新型コロナの新たな変異ウイルス「オミクロン株」の感染が確認された人が国内では10人を超えています。世界で感染が広がるなか、同じアジアの韓国では市中感染も起きているということです。人の動きが活発になり接触も増える年末年始に向け、オミクロン株への対策や注意点について専門家に聞きました。

オミクロン株の感染が拡大 国内では感染確認13人に

 12月4日に日本に入国したスリランカに滞在歴がある男性が、新型コロナの新たな変異ウイルス「オミクロン株」に感染していることが新たに確認され、国内でオミクロン株への感染が確認されたのは13人となりました。

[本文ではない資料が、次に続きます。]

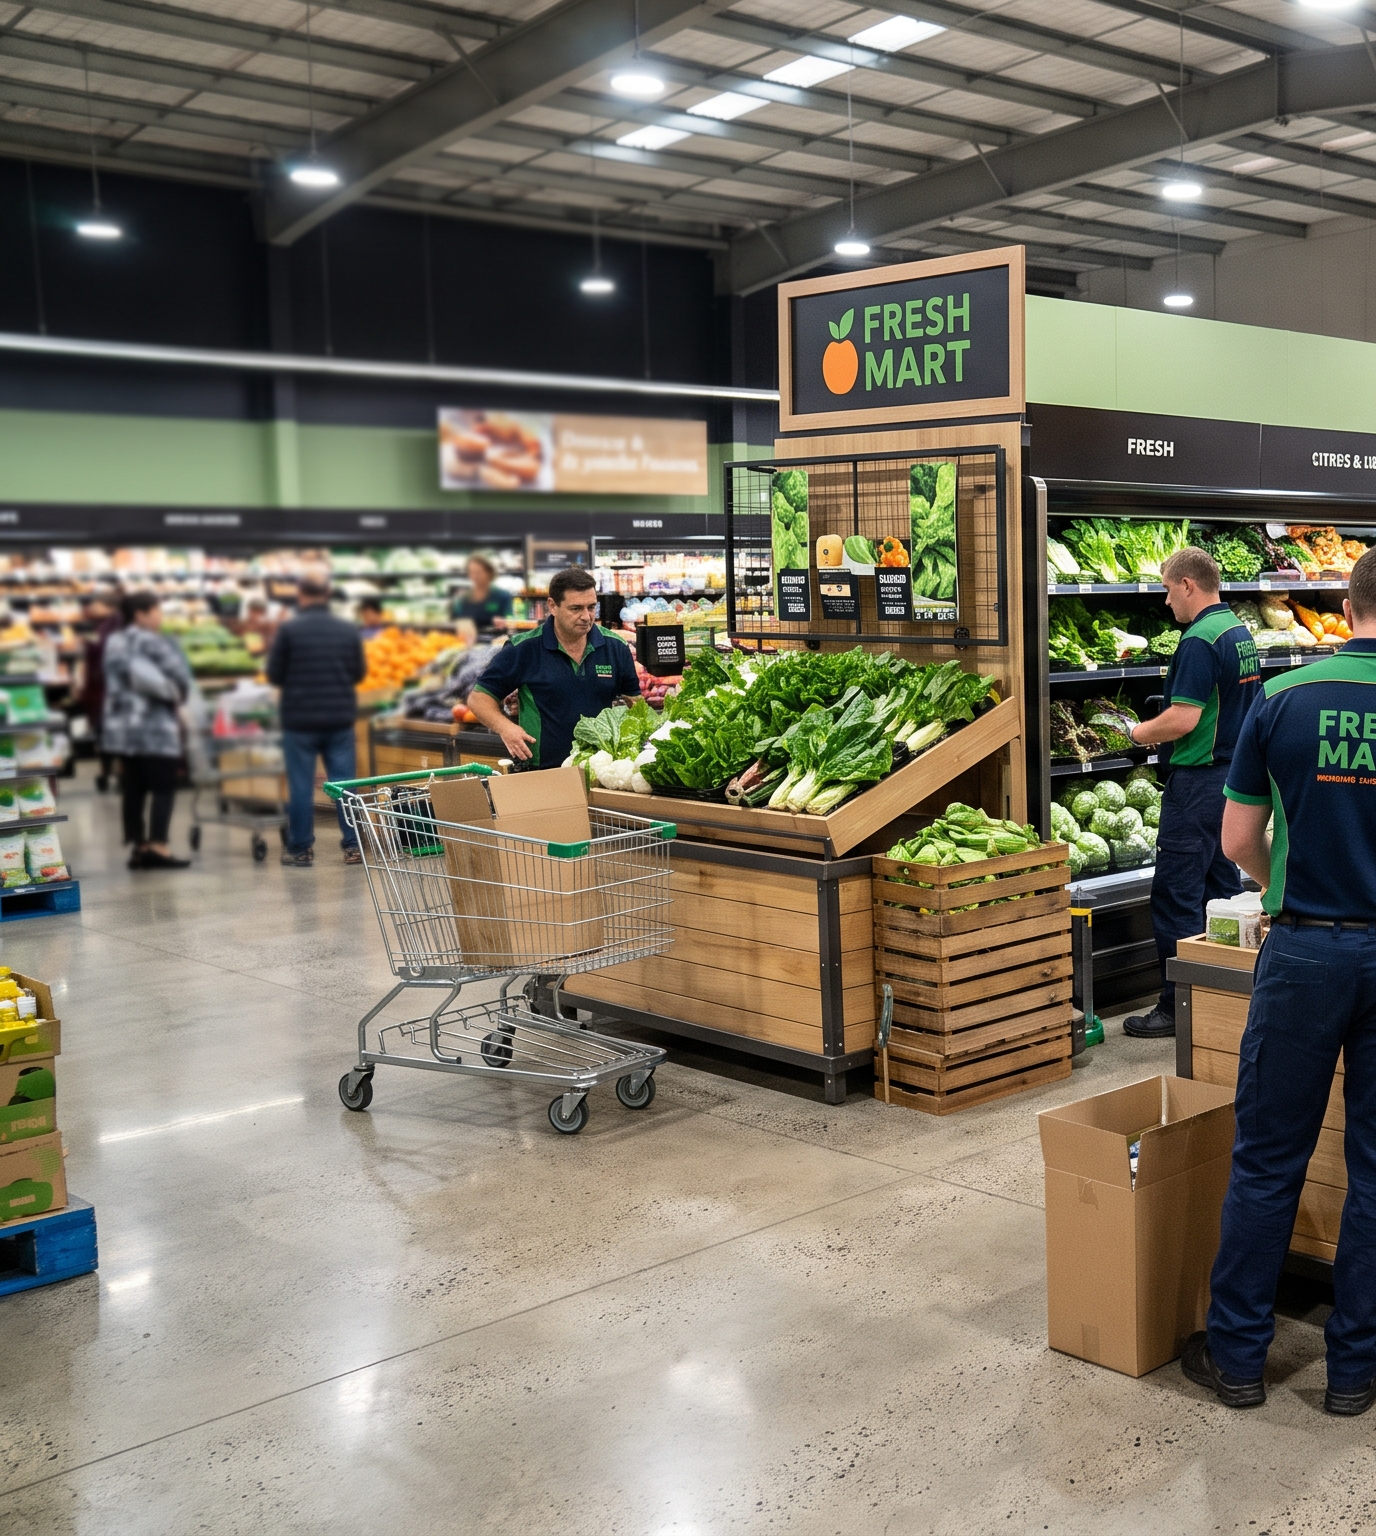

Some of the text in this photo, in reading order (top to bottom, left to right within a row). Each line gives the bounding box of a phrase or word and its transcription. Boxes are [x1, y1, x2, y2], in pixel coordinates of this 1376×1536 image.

南アフリカでは、11月下旬から新型コロナウイルスの感染が急速に広がり、12月9日には1日の新規感染者が2万2000人を超え、11月中旬の1日あたりの平均のおよそ67倍にまで増えています。
南アフリカでは、すべての検体の解析は行われていませんが、これまでのサンプル調査の結果、デルタ株からオミクロン株へと急速に置き換わっていることが分かっていて、政府は、大部分の州ですでにオミクロン株が主流になっていると見られるとしています。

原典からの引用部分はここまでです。